When I was expecting my son Dashiell, I had dreams that still make me blush: intense, relentless and bizarre sexual reveries. I finally dared to broach the topic with my doctor. "I'm essentially growing a penis inside me, right? Is that why my dreams are wilder than a teen boy's?" I asked. He laughed and said that there was scant research on pregnancy and erotic dreams, but that it's quite normal to have graphic dreams while expecting.
Recently, more researchers have studied the effect pregnancy has on dreams. I asked Jessica Lara-Carrasco, a Ph.D. candidate in psychology at the University of Montreal's Dream and Nightmare Lab, why moms-to-be seem to have so many crazy dreams. "During pregnancy, your body has to adjust to massive changes quickly.
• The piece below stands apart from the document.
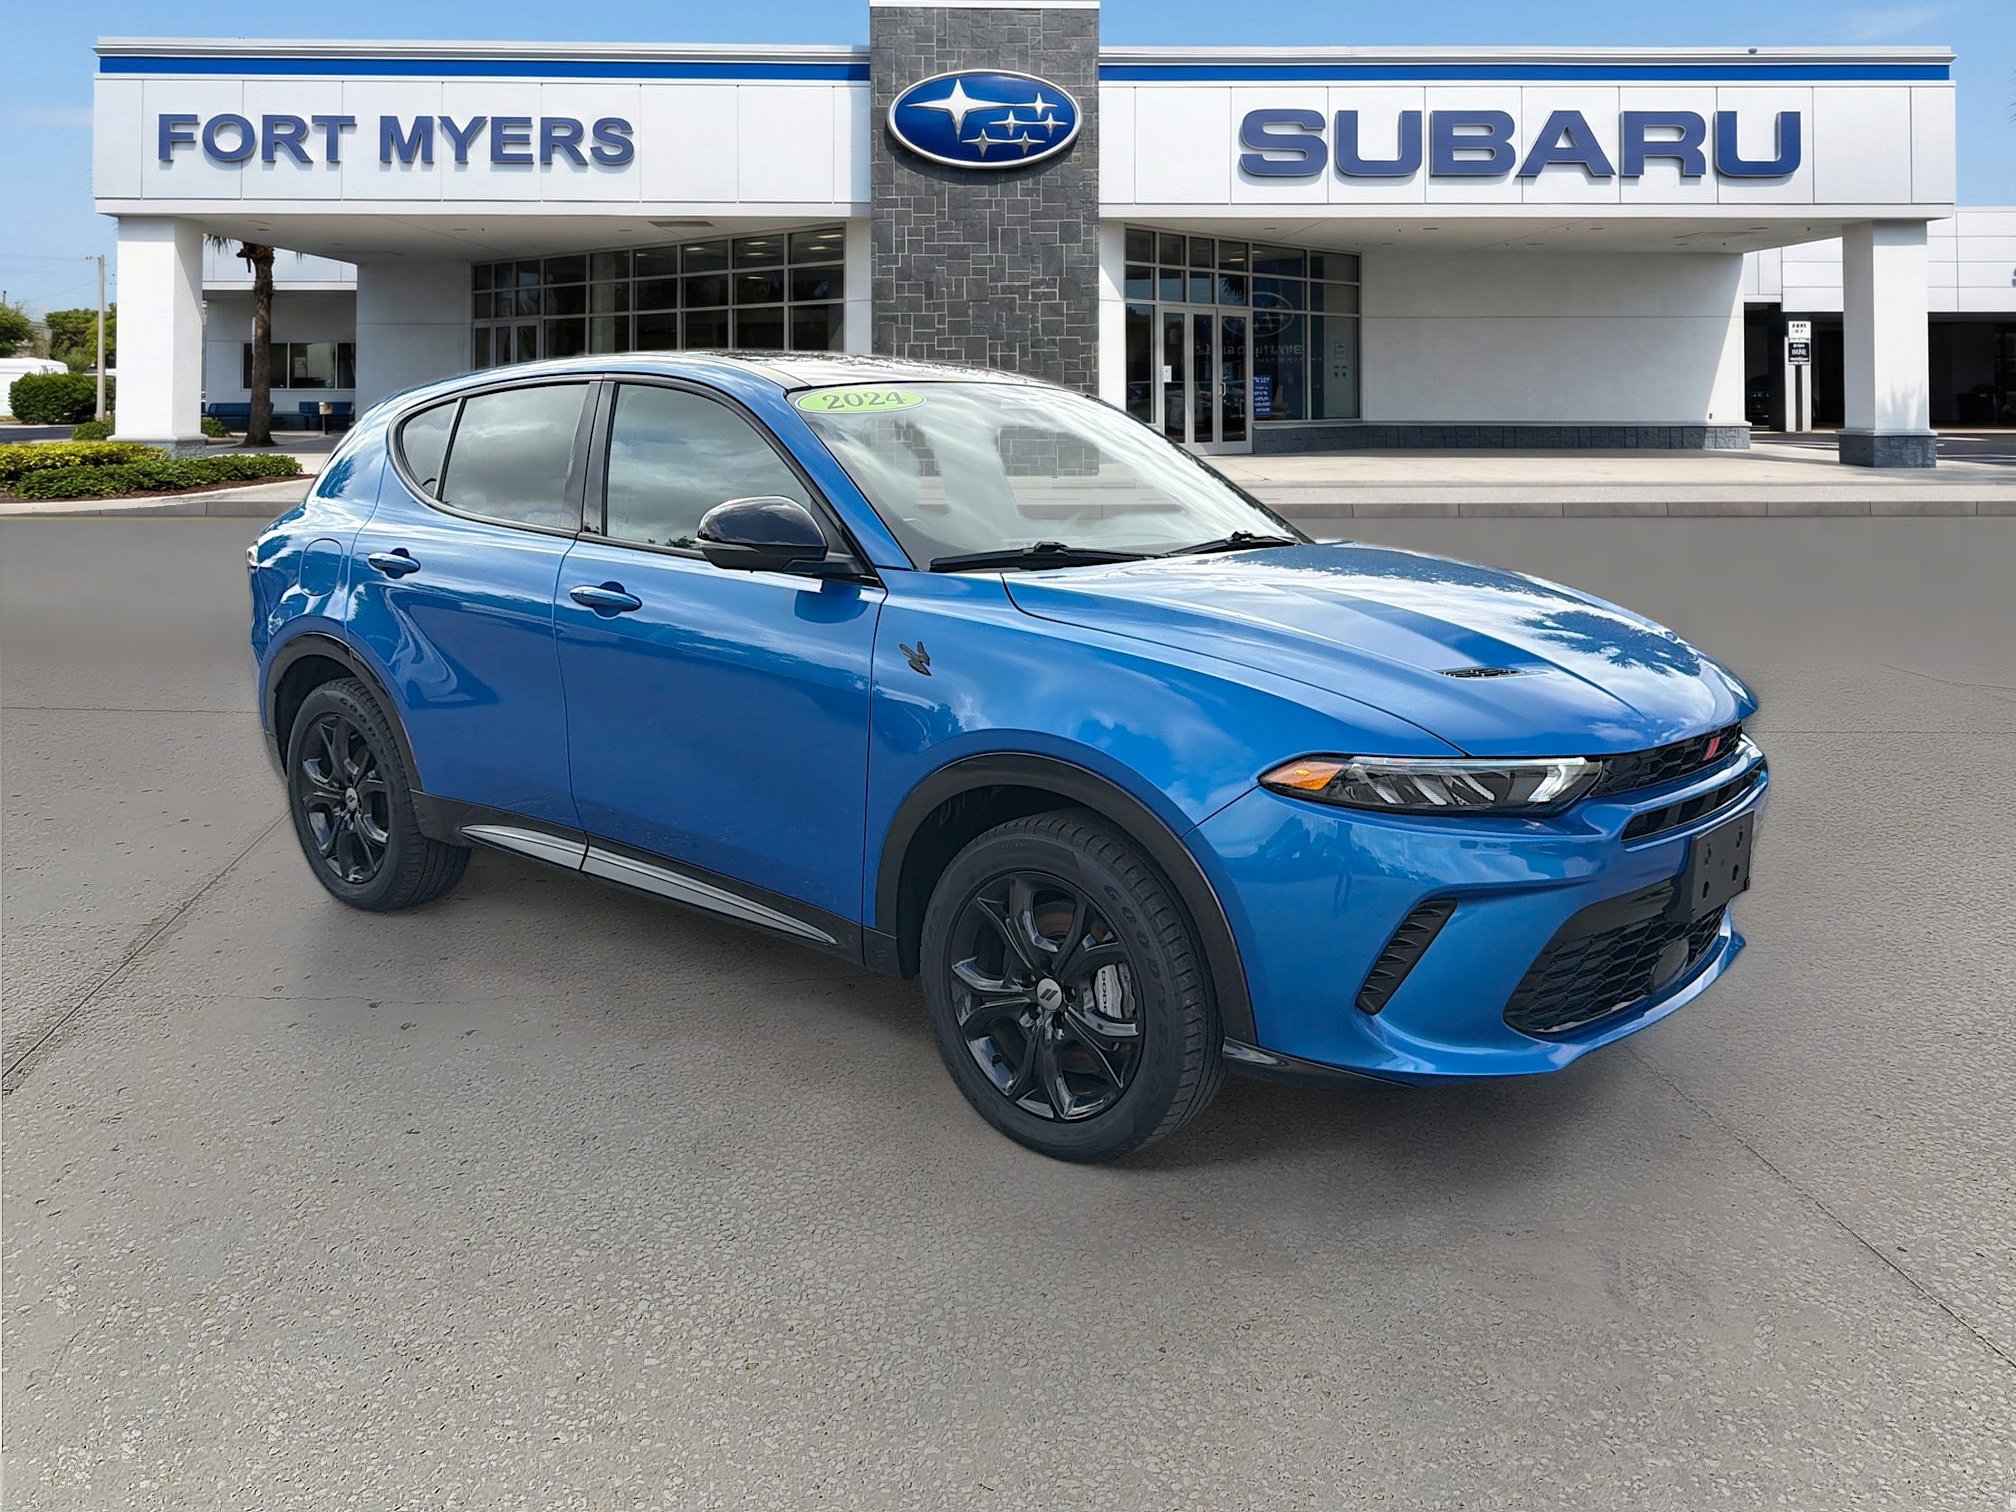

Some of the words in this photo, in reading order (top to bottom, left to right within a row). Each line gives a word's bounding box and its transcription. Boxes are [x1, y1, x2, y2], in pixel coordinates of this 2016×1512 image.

Dreams are a way of handling the stress and adapting to your new life," she says. Still, while plenty of women attest to having more vivid DREAMS while they're expecting, experts don't know exactly what brings these wild reveries on. Sleep patterns change in pregnancy, so you log more REM (rapid eye movement) sleep, the stage when your brain is most active and dreams are vivid. And because sleep is more fitful, you might find you wake up mid-dream more often.
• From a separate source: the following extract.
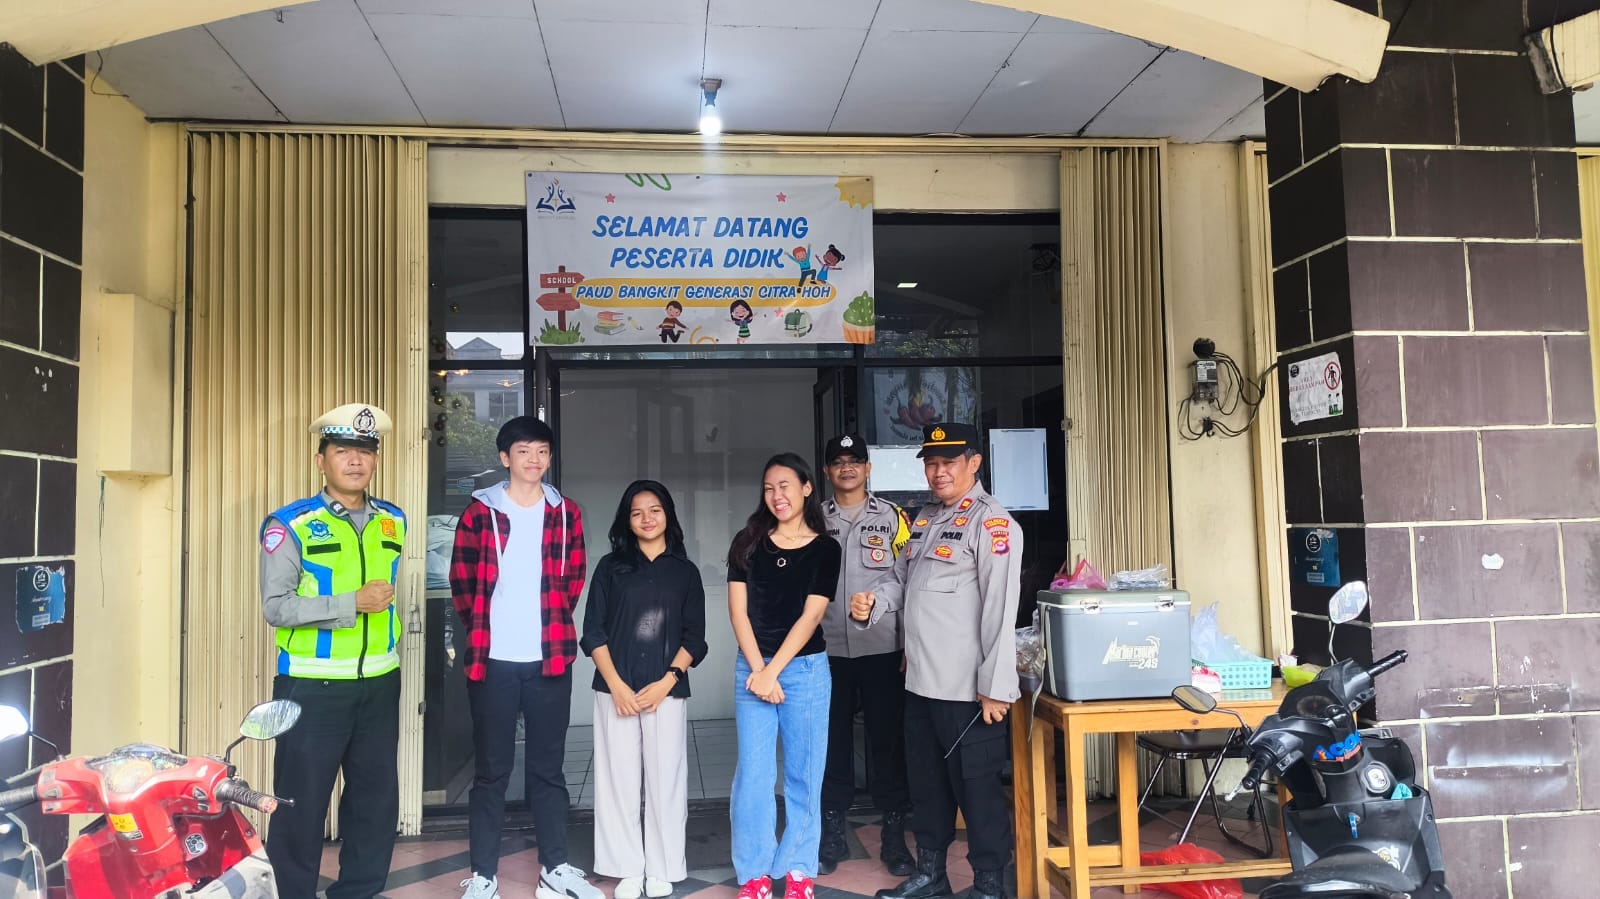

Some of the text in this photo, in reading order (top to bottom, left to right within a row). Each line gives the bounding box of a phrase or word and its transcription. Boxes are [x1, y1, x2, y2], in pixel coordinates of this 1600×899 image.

As for my own tawdry reveries, research shows moms-to-be don't have more sexual dreams than non-preggos do. "But I've never had so many dreams about making out with ex-boyfriends," I said. Lara-Carrasco offered one possibility: As the baby changes positions, you feel contractions, which could provoke a sexual response—even an orgasm—that is integrated into your dreams. Jill Wodnick, birth doula trainer and Lamaze-certified childbirth educator at Montclair Maternity in New Jersey, agrees. "When you have contractions, oxytocin, the hormone that brings you to climax, is released, and could cause you to orgasm," she says.